Mis vivencias en el monasterio de Santo Domingo de Silos

Antonio Gil Moreno, sacerdote, en Silos

Días de silencio, de vida y de oración

claustro del monasterio de Santo Domingo de Silos

ANTONIO GIL MORENO, sacerdote y periodista | La Cuaresma que acabamos de empezar es un tiempo propicio para ahondar en nuestra búsqueda de Dios, y no pocos –creyentes y no creyentes– deciden hacerlo retirándose a un monasterio, donde por unos días participan de la vida de trabajo y oración de los monjes.
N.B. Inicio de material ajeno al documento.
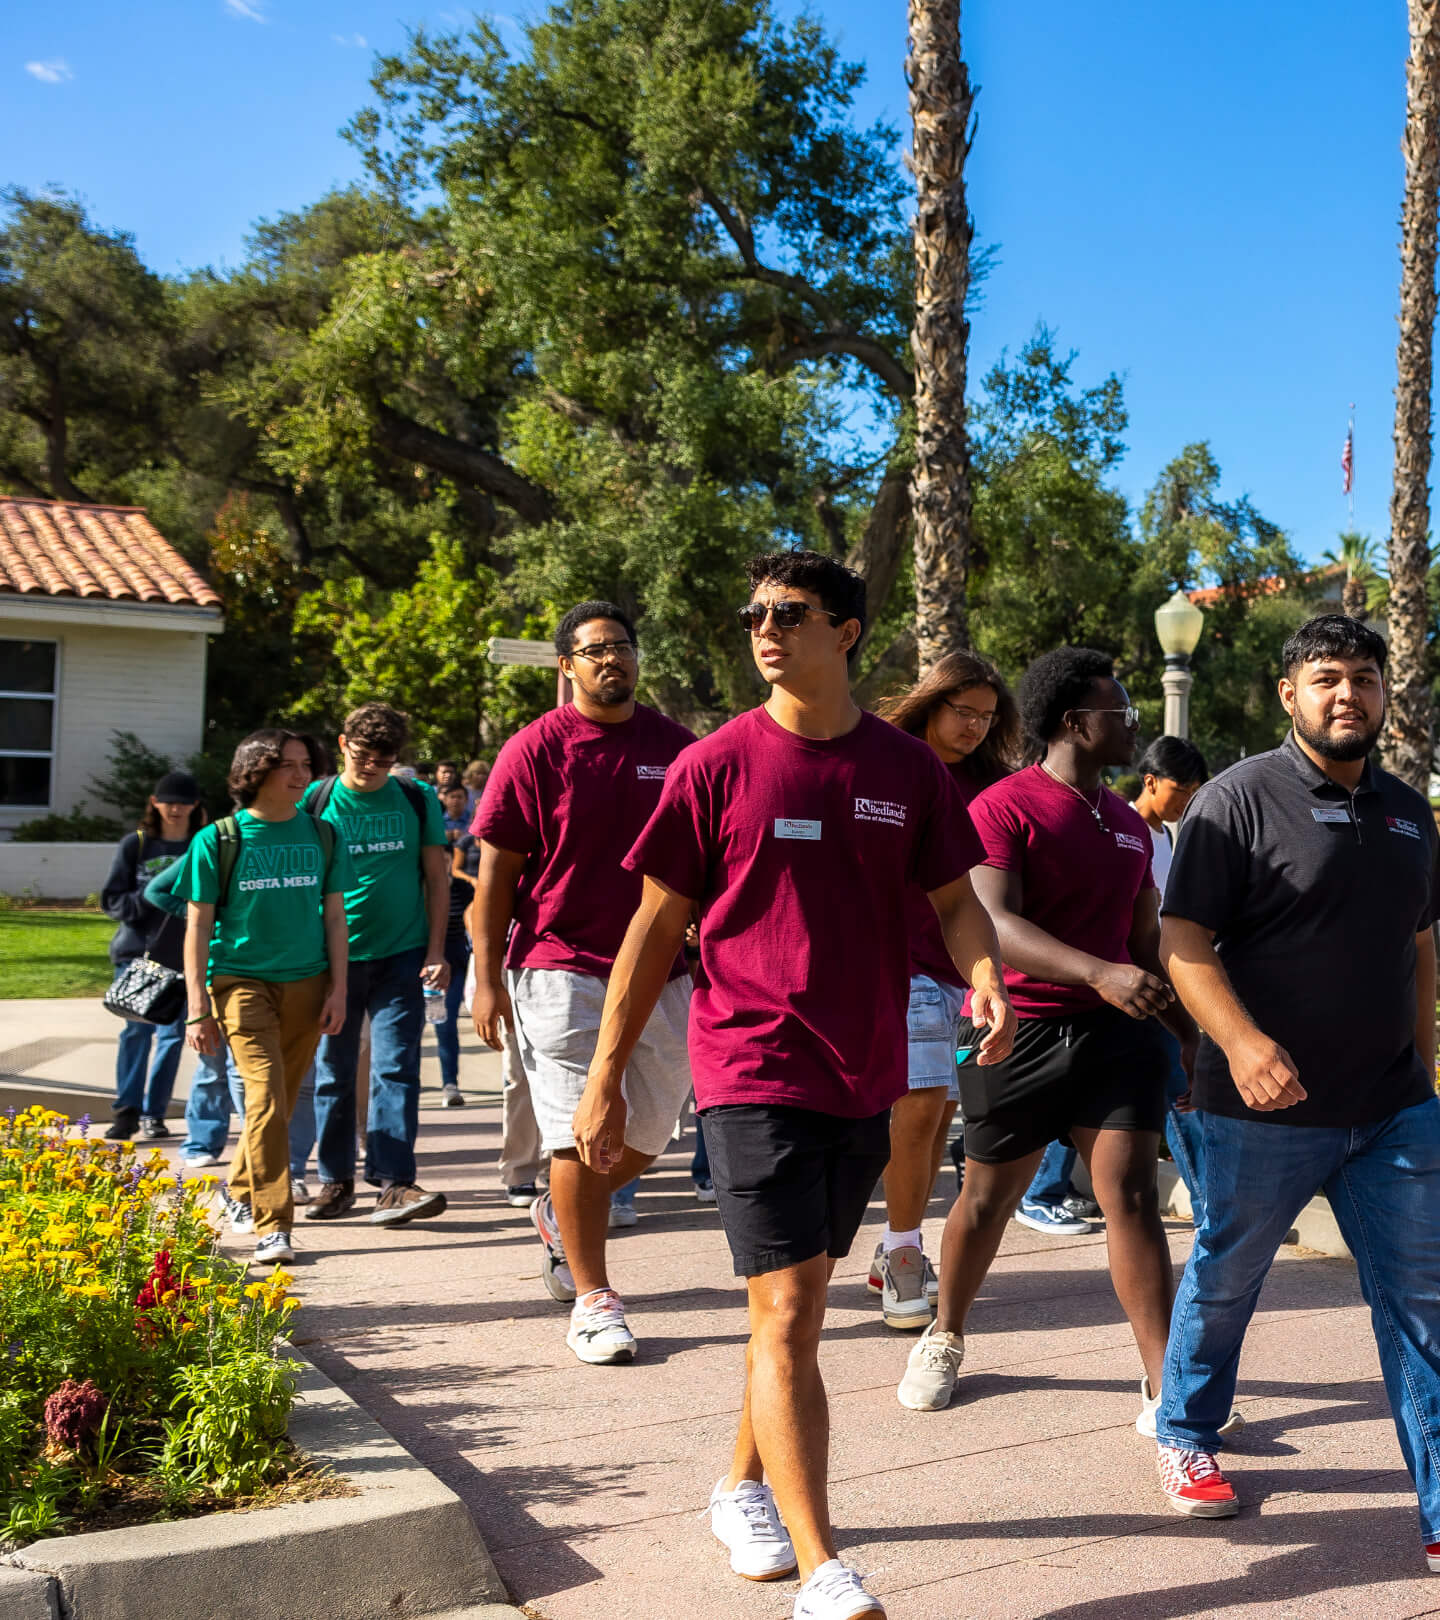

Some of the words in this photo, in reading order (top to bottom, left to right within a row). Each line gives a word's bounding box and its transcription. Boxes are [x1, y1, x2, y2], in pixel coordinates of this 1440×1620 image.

Estas páginas recogen mi experiencia meses atrás en Santo Domingo de Silos, cuando, compartiendo cantos, rezos y charlas con la comunidad, descubrí que “el silencio monacal no es ausencia de ruidos, sino voluntad de escucha”. Porque solo así, de vuelta a la verdad de la propia vida, uno entiende que el único obstáculo para abrirse a la trascendencia está dentro de cada cual.

En septiembre de 2011, pasé unos días en el monasterio de Santo Domingo de Silos, en “plan monje”, quiero decir, viviendo el silencio exterior e interior; asistiendo al rezo de las Horas, cantadas en un gregoriano sublime, cautivador, por la comunidad de benedictinos; participando también, junto a un pequeño grupo de sacerdotes salmantinos, que se encontraban allí realizando sus ejercicios espirituales, en las charlas dirigidas por un monje, fray Ramón Álvarez.

Y saboreando lo que significa ese “alejarse” del mundanal ruido, para internarse en el monasterio, en sus galerías pobladas de historia y de ecos de siglos, en sus claustros; sobre todo, el famoso claustro románico donde se encuentra el tan conocido ciprés de Silos, ensalzado poéticamente por Gerardo Diego en un magistral soneto, considerado como uno de los mejores de la literatura española.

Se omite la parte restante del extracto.